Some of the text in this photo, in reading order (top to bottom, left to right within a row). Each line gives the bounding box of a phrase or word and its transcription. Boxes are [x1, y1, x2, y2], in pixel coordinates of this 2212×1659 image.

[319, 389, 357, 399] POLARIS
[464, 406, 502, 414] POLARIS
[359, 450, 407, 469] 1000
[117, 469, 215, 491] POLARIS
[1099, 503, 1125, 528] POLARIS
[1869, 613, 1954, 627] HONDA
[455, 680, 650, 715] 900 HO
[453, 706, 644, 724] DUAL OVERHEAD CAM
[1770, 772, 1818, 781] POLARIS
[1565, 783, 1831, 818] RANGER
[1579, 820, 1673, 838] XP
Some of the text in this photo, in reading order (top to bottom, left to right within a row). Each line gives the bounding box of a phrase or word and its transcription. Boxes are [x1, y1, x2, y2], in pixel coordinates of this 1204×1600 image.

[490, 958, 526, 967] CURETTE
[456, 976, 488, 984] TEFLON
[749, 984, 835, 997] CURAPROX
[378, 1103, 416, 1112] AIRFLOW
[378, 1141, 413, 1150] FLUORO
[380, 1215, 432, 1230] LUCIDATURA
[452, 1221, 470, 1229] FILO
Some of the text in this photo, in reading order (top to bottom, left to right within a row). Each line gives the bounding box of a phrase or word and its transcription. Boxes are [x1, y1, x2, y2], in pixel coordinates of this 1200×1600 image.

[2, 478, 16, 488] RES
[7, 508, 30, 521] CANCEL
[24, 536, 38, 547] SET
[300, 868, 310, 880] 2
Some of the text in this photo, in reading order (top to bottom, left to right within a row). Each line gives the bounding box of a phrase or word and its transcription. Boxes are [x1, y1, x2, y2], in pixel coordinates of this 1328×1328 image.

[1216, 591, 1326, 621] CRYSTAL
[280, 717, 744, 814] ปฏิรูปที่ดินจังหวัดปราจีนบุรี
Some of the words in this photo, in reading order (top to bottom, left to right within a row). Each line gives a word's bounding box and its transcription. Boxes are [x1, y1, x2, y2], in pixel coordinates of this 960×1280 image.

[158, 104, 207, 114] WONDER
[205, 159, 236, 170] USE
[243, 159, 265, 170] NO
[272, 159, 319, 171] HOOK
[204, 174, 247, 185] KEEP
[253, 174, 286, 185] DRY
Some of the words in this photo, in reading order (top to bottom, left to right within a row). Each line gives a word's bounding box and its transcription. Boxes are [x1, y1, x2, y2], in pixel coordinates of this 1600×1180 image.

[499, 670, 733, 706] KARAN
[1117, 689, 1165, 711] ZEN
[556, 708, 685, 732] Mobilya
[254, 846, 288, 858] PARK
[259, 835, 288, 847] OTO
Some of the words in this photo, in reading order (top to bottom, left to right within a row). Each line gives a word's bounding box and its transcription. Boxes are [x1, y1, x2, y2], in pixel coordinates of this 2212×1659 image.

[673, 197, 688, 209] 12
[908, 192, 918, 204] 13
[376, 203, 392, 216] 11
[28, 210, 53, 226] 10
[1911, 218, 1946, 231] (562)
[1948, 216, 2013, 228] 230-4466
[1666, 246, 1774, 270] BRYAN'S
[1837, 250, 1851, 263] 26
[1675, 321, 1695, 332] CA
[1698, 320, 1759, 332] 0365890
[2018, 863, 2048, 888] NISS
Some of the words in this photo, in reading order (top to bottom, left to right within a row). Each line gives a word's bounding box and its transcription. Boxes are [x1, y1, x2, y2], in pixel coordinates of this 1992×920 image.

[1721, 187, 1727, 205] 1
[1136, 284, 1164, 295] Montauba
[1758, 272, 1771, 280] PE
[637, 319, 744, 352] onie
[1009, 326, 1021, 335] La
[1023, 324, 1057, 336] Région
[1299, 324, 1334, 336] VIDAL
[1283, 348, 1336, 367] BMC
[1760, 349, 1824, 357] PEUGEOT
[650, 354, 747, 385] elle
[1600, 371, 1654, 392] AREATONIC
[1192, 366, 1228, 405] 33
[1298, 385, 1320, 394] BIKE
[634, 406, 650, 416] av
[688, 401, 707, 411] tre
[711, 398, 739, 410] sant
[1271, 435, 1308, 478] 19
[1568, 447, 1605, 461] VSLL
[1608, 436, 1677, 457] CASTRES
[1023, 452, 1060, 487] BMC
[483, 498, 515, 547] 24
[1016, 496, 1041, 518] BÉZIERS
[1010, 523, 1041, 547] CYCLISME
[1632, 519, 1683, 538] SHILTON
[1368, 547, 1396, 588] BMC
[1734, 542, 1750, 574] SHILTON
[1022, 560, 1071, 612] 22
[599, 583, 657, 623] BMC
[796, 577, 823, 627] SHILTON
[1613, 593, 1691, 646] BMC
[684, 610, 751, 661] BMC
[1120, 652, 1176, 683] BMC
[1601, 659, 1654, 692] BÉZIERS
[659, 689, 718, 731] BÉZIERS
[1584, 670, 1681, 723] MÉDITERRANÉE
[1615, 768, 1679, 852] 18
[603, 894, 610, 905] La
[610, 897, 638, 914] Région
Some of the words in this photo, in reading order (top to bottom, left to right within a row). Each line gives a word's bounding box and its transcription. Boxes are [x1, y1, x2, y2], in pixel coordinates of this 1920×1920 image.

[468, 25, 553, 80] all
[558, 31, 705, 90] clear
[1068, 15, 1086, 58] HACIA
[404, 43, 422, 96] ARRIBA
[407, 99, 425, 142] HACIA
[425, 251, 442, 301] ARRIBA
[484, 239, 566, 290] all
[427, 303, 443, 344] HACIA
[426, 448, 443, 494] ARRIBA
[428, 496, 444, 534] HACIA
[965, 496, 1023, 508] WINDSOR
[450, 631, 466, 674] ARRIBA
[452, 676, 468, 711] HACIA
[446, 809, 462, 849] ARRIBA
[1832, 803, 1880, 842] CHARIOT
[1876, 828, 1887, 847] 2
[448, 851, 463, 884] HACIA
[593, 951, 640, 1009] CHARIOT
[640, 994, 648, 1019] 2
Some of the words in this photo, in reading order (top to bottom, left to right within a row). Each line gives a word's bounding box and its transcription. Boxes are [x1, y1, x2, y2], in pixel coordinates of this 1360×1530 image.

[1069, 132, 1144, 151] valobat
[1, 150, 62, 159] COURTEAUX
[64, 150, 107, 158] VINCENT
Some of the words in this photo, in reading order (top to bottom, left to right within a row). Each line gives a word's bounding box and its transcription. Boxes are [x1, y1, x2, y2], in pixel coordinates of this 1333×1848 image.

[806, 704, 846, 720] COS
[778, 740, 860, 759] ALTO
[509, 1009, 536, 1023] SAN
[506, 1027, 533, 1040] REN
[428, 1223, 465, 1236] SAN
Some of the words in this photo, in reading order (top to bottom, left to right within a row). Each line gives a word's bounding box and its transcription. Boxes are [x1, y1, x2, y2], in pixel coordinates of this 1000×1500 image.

◇ ◇ ◇ ◇ ◇ ◇ ◇

ASSIGNMENT> Copy out the material in its entirety. Keep it exact.

WRITTEN RESPONSE>
Some of the text in this photo, in reading order (top to bottom, left to right within a row). Each line gives the bounding box of a phrase or word and its transcription. Boxes are [x1, y1, x2, y2], in pixel coordinates of this 2212×1659 image.

[319, 389, 357, 399] POLARIS
[464, 406, 502, 414] POLARIS
[359, 450, 407, 469] 1000
[117, 469, 215, 491] POLARIS
[1099, 503, 1125, 528] POLARIS
[1869, 613, 1954, 627] HONDA
[455, 680, 650, 715] 900 HO
[453, 706, 644, 724] DUAL OVERHEAD CAM
[1770, 772, 1818, 781] POLARIS
[1565, 783, 1831, 818] RANGER
[1579, 820, 1673, 838] XP
Some of the text in this photo, in reading order (top to bottom, left to right within a row). Each line gives the bounding box of a phrase or word and its transcription. Boxes are [x1, y1, x2, y2], in pixel coordinates of this 1204×1600 image.

[490, 958, 526, 967] CURETTE
[456, 976, 488, 984] TEFLON
[749, 984, 835, 997] CURAPROX
[378, 1103, 416, 1112] AIRFLOW
[378, 1141, 413, 1150] FLUORO
[380, 1215, 432, 1230] LUCIDATURA
[452, 1221, 470, 1229] FILO
Some of the text in this photo, in reading order (top to bottom, left to right within a row). Each line gives the bounding box of a phrase or word and its transcription. Boxes are [x1, y1, x2, y2], in pixel coordinates of this 1200×1600 image.

[2, 478, 16, 488] RES
[7, 508, 30, 521] CANCEL
[24, 536, 38, 547] SET
[300, 868, 310, 880] 2
Some of the text in this photo, in reading order (top to bottom, left to right within a row). Each line gives the bounding box of a phrase or word and its transcription. Boxes are [x1, y1, x2, y2], in pixel coordinates of this 1328×1328 image.

[1216, 591, 1326, 621] CRYSTAL
[280, 717, 744, 814] ปฏิรูปที่ดินจังหวัดปราจีนบุรี
Some of the words in this photo, in reading order (top to bottom, left to right within a row). Each line gives a word's bounding box and its transcription. Boxes are [x1, y1, x2, y2], in pixel coordinates of this 960×1280 image.

[158, 104, 207, 114] WONDER
[205, 159, 236, 170] USE
[243, 159, 265, 170] NO
[272, 159, 319, 171] HOOK
[204, 174, 247, 185] KEEP
[253, 174, 286, 185] DRY
Some of the words in this photo, in reading order (top to bottom, left to right within a row). Each line gives a word's bounding box and its transcription. Boxes are [x1, y1, x2, y2], in pixel coordinates of this 1600×1180 image.

[499, 670, 733, 706] KARAN
[1117, 689, 1165, 711] ZEN
[556, 708, 685, 732] Mobilya
[254, 846, 288, 858] PARK
[259, 835, 288, 847] OTO
Some of the words in this photo, in reading order (top to bottom, left to right within a row). Each line gives a word's bounding box and its transcription. Boxes are [x1, y1, x2, y2], in pixel coordinates of this 2212×1659 image.

[673, 197, 688, 209] 12
[908, 192, 918, 204] 13
[376, 203, 392, 216] 11
[28, 210, 53, 226] 10
[1911, 218, 1946, 231] (562)
[1948, 216, 2013, 228] 230-4466
[1666, 246, 1774, 270] BRYAN'S
[1837, 250, 1851, 263] 26
[1675, 321, 1695, 332] CA
[1698, 320, 1759, 332] 0365890
[2018, 863, 2048, 888] NISS
Some of the words in this photo, in reading order (top to bottom, left to right within a row). Each line gives a word's bounding box and its transcription. Boxes are [x1, y1, x2, y2], in pixel coordinates of this 1992×920 image.

[1721, 187, 1727, 205] 1
[1136, 284, 1164, 295] Montauba
[1758, 272, 1771, 280] PE
[637, 319, 744, 352] onie
[1009, 326, 1021, 335] La
[1023, 324, 1057, 336] Région
[1299, 324, 1334, 336] VIDAL
[1283, 348, 1336, 367] BMC
[1760, 349, 1824, 357] PEUGEOT
[650, 354, 747, 385] elle
[1600, 371, 1654, 392] AREATONIC
[1192, 366, 1228, 405] 33
[1298, 385, 1320, 394] BIKE
[634, 406, 650, 416] av
[688, 401, 707, 411] tre
[711, 398, 739, 410] sant
[1271, 435, 1308, 478] 19
[1568, 447, 1605, 461] VSLL
[1608, 436, 1677, 457] CASTRES
[1023, 452, 1060, 487] BMC
[483, 498, 515, 547] 24
[1016, 496, 1041, 518] BÉZIERS
[1010, 523, 1041, 547] CYCLISME
[1632, 519, 1683, 538] SHILTON
[1368, 547, 1396, 588] BMC
[1734, 542, 1750, 574] SHILTON
[1022, 560, 1071, 612] 22
[599, 583, 657, 623] BMC
[796, 577, 823, 627] SHILTON
[1613, 593, 1691, 646] BMC
[684, 610, 751, 661] BMC
[1120, 652, 1176, 683] BMC
[1601, 659, 1654, 692] BÉZIERS
[659, 689, 718, 731] BÉZIERS
[1584, 670, 1681, 723] MÉDITERRANÉE
[1615, 768, 1679, 852] 18
[603, 894, 610, 905] La
[610, 897, 638, 914] Région
Some of the words in this photo, in reading order (top to bottom, left to right within a row). Each line gives a word's bounding box and its transcription. Boxes are [x1, y1, x2, y2], in pixel coordinates of this 1920×1920 image.

[468, 25, 553, 80] all
[558, 31, 705, 90] clear
[1068, 15, 1086, 58] HACIA
[404, 43, 422, 96] ARRIBA
[407, 99, 425, 142] HACIA
[425, 251, 442, 301] ARRIBA
[484, 239, 566, 290] all
[427, 303, 443, 344] HACIA
[426, 448, 443, 494] ARRIBA
[428, 496, 444, 534] HACIA
[965, 496, 1023, 508] WINDSOR
[450, 631, 466, 674] ARRIBA
[452, 676, 468, 711] HACIA
[446, 809, 462, 849] ARRIBA
[1832, 803, 1880, 842] CHARIOT
[1876, 828, 1887, 847] 2
[448, 851, 463, 884] HACIA
[593, 951, 640, 1009] CHARIOT
[640, 994, 648, 1019] 2
Some of the words in this photo, in reading order (top to bottom, left to right within a row). Each line gives a word's bounding box and its transcription. Boxes are [x1, y1, x2, y2], in pixel coordinates of this 1360×1530 image.

[1069, 132, 1144, 151] valobat
[1, 150, 62, 159] COURTEAUX
[64, 150, 107, 158] VINCENT
Some of the words in this photo, in reading order (top to bottom, left to right within a row). Each line gives a word's bounding box and its transcription. Boxes are [x1, y1, x2, y2], in pixel coordinates of this 1333×1848 image.

[806, 704, 846, 720] COS
[778, 740, 860, 759] ALTO
[509, 1009, 536, 1023] SAN
[506, 1027, 533, 1040] REN
[428, 1223, 465, 1236] SAN
Some of the words in this photo, in reading order (top to bottom, left to right within a row). Each line gives a word's bounding box and its transcription. Boxes are [x1, y1, x2, y2], in pixel coordinates of this 1000×1500 image.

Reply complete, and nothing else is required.